»»

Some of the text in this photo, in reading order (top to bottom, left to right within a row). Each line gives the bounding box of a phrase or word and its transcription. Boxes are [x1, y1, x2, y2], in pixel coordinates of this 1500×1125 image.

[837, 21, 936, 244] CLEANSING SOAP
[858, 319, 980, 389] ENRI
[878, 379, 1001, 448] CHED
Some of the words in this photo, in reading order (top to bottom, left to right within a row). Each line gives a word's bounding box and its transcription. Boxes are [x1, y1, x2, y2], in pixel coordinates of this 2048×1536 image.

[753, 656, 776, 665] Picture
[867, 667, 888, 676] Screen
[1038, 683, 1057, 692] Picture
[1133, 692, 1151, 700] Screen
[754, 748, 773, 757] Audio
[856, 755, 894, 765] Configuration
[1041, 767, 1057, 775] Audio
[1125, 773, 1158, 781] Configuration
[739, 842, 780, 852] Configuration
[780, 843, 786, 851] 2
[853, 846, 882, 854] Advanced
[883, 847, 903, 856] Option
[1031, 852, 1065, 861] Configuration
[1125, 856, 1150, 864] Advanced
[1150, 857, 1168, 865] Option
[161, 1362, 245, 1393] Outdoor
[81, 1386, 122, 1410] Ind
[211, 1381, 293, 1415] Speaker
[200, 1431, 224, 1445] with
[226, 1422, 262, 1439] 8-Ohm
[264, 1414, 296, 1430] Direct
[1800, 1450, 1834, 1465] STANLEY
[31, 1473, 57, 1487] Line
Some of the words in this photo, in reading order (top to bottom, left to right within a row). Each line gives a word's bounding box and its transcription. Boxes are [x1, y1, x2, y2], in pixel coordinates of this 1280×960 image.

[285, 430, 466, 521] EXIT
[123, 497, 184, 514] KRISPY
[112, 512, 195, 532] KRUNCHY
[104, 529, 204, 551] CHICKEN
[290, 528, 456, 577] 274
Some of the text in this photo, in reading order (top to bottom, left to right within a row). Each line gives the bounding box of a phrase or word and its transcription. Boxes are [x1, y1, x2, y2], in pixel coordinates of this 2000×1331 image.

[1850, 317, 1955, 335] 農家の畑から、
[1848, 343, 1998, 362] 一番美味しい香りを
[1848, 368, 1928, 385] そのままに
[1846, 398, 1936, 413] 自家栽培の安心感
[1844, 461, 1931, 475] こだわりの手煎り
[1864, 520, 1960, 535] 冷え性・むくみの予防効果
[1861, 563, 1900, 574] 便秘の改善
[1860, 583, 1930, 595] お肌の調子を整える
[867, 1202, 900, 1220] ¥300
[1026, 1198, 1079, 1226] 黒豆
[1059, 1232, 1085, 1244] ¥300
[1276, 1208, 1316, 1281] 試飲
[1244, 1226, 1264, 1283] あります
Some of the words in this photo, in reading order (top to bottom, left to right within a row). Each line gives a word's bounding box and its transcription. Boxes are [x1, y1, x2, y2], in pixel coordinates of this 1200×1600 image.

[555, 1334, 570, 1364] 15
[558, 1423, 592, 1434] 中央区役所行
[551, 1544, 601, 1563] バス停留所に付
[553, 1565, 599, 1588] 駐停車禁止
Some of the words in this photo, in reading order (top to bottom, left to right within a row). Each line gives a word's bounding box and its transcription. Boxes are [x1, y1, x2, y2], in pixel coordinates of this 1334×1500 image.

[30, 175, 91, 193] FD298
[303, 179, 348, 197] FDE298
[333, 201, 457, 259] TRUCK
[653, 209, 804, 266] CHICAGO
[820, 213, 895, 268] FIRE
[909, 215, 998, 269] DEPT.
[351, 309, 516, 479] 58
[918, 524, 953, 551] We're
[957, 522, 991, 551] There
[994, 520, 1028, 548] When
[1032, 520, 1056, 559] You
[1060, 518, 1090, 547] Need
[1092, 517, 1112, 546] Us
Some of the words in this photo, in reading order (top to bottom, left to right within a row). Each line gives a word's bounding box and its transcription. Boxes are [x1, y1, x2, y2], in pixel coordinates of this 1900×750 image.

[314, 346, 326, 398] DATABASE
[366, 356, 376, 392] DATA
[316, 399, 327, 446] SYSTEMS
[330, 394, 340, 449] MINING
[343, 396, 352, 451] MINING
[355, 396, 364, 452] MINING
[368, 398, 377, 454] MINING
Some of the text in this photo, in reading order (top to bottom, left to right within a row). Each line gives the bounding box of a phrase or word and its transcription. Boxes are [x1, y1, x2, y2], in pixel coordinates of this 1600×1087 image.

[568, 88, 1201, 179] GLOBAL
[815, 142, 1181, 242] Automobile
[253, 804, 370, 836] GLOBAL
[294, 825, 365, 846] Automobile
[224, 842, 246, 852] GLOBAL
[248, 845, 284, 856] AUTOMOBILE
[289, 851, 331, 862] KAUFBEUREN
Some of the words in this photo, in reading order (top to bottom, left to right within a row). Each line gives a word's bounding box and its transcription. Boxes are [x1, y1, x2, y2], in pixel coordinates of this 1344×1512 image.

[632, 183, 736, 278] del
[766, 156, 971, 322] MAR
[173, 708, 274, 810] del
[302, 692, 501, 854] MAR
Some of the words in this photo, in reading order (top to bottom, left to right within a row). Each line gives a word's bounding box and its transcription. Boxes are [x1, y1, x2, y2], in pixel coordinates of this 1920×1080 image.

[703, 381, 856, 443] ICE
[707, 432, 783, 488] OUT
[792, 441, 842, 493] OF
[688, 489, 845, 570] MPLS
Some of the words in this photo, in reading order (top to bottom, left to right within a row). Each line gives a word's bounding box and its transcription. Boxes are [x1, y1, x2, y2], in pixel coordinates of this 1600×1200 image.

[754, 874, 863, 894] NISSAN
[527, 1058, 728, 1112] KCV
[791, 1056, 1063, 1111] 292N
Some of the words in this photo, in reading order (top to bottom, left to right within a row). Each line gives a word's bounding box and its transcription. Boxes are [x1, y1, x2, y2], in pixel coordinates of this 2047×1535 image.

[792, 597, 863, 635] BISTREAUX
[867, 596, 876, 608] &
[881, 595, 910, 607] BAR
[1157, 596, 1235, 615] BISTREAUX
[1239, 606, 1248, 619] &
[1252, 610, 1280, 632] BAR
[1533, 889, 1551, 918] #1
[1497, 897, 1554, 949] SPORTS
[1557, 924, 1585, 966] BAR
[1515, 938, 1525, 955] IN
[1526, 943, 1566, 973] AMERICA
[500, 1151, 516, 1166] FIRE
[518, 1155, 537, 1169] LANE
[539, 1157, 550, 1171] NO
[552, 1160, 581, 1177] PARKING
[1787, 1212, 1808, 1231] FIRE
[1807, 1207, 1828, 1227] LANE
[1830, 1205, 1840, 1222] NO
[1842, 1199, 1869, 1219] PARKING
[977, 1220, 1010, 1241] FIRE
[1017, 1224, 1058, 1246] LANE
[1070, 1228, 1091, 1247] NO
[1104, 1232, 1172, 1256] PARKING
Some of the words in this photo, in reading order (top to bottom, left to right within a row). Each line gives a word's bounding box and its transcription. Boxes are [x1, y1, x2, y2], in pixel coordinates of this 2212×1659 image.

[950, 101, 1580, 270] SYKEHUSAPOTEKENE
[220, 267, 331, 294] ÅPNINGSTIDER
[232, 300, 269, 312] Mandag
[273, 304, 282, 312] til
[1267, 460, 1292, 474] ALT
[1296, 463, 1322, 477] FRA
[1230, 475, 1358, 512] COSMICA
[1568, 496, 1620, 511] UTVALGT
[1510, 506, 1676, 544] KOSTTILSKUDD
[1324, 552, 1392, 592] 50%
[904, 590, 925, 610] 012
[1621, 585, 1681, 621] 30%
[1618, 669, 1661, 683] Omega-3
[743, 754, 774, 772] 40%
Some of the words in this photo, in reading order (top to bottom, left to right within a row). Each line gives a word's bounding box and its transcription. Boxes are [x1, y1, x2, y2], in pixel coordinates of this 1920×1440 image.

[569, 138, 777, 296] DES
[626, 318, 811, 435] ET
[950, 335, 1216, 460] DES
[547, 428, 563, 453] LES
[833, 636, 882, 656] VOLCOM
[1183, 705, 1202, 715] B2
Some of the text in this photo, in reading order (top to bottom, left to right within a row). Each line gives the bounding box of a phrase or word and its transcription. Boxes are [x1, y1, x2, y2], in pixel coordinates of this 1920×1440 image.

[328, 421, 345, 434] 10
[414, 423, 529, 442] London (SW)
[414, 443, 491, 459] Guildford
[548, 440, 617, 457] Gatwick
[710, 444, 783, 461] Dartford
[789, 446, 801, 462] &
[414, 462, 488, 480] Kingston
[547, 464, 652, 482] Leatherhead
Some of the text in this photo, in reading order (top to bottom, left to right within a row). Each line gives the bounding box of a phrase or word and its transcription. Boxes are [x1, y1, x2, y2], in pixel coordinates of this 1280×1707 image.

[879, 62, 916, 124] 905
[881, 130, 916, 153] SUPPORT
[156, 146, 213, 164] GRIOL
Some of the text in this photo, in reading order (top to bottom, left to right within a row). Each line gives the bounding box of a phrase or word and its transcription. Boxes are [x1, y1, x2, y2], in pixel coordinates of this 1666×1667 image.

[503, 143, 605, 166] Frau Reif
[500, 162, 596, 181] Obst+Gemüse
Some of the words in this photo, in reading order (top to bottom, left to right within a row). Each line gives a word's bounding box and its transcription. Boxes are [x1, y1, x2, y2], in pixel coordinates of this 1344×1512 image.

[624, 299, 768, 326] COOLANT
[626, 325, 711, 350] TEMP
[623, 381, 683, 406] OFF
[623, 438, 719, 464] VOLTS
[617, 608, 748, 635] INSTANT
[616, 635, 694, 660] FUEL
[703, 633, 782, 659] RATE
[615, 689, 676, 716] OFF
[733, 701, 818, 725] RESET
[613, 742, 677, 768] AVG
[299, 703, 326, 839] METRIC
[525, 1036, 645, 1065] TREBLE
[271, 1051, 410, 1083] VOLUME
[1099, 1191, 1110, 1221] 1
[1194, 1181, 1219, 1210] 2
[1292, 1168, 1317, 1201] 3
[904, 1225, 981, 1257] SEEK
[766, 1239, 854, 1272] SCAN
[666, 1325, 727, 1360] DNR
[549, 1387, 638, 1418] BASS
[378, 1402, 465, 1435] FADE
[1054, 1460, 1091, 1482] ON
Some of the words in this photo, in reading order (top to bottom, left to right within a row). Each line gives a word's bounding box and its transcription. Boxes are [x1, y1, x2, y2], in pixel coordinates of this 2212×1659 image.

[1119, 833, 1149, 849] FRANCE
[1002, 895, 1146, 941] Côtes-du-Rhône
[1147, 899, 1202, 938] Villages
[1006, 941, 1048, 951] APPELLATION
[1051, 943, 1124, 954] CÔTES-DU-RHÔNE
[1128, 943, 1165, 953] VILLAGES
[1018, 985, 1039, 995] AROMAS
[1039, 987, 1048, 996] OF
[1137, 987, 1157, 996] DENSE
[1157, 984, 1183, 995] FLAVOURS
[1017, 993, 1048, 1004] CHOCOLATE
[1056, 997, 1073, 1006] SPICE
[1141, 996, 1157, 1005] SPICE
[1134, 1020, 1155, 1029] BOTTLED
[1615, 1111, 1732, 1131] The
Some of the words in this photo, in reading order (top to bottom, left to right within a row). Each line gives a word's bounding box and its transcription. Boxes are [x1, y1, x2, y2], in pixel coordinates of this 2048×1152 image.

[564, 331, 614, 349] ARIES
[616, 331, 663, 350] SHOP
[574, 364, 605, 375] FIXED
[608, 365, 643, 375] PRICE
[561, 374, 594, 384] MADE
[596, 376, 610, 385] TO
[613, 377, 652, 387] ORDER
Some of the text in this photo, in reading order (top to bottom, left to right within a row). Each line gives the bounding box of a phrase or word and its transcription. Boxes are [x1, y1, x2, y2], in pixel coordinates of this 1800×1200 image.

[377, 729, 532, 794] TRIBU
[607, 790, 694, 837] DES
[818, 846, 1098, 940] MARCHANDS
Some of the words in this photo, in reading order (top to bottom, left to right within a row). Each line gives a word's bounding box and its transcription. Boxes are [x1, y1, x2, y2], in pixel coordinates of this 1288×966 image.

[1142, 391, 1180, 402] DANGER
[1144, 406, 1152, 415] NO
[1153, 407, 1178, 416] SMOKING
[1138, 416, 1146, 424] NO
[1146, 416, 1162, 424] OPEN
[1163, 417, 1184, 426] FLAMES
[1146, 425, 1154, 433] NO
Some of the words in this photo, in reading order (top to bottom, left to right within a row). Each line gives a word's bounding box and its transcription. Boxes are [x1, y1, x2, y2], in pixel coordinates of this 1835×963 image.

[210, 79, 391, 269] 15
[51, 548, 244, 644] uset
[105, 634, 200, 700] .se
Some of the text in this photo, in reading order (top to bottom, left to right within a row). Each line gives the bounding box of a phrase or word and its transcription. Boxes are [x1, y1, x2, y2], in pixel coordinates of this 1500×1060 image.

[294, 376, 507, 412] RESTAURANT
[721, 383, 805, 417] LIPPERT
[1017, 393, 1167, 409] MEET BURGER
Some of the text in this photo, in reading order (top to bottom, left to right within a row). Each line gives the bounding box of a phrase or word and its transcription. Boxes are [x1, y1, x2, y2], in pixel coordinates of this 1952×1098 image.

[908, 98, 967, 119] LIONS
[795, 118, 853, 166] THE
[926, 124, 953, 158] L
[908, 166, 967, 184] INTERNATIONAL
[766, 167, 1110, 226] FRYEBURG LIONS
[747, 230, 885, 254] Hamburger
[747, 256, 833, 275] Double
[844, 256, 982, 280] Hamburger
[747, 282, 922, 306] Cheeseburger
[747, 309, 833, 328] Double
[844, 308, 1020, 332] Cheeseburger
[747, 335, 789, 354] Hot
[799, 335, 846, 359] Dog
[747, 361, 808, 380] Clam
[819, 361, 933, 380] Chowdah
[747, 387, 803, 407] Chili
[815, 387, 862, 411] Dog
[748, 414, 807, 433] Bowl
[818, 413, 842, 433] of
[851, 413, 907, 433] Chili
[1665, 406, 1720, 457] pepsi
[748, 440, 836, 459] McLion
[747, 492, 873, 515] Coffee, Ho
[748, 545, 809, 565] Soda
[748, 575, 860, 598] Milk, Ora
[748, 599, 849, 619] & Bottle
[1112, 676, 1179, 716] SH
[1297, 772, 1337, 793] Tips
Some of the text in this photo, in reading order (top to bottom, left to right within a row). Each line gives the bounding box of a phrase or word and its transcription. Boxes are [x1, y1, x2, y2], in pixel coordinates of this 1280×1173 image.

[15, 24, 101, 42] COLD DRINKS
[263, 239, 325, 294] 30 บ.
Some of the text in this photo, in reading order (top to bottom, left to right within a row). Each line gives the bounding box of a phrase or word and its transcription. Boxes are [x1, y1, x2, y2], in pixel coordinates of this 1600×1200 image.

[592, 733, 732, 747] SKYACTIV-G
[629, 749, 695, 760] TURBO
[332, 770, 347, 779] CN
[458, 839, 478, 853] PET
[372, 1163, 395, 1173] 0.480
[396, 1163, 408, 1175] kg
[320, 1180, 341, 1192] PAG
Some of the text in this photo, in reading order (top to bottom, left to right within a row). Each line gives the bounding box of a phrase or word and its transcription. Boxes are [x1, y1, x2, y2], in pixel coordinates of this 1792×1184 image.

««

## [Work instructions]
Leave out every line before the one containing "this 1280×1173 image."; set down that line and all remaining lines of the material exactly.

## [Your solution]
Some of the text in this photo, in reading order (top to bottom, left to right within a row). Each line gives the bounding box of a phrase or word and its transcription. Boxes are [x1, y1, x2, y2], in pixel coordinates of this 1280×1173 image.

[15, 24, 101, 42] COLD DRINKS
[263, 239, 325, 294] 30 บ.
Some of the text in this photo, in reading order (top to bottom, left to right within a row). Each line gives the bounding box of a phrase or word and its transcription. Boxes are [x1, y1, x2, y2], in pixel coordinates of this 1600×1200 image.

[592, 733, 732, 747] SKYACTIV-G
[629, 749, 695, 760] TURBO
[332, 770, 347, 779] CN
[458, 839, 478, 853] PET
[372, 1163, 395, 1173] 0.480
[396, 1163, 408, 1175] kg
[320, 1180, 341, 1192] PAG
Some of the text in this photo, in reading order (top to bottom, left to right within a row). Each line gives the bounding box of a phrase or word and its transcription. Boxes are [x1, y1, x2, y2], in pixel coordinates of this 1792×1184 image.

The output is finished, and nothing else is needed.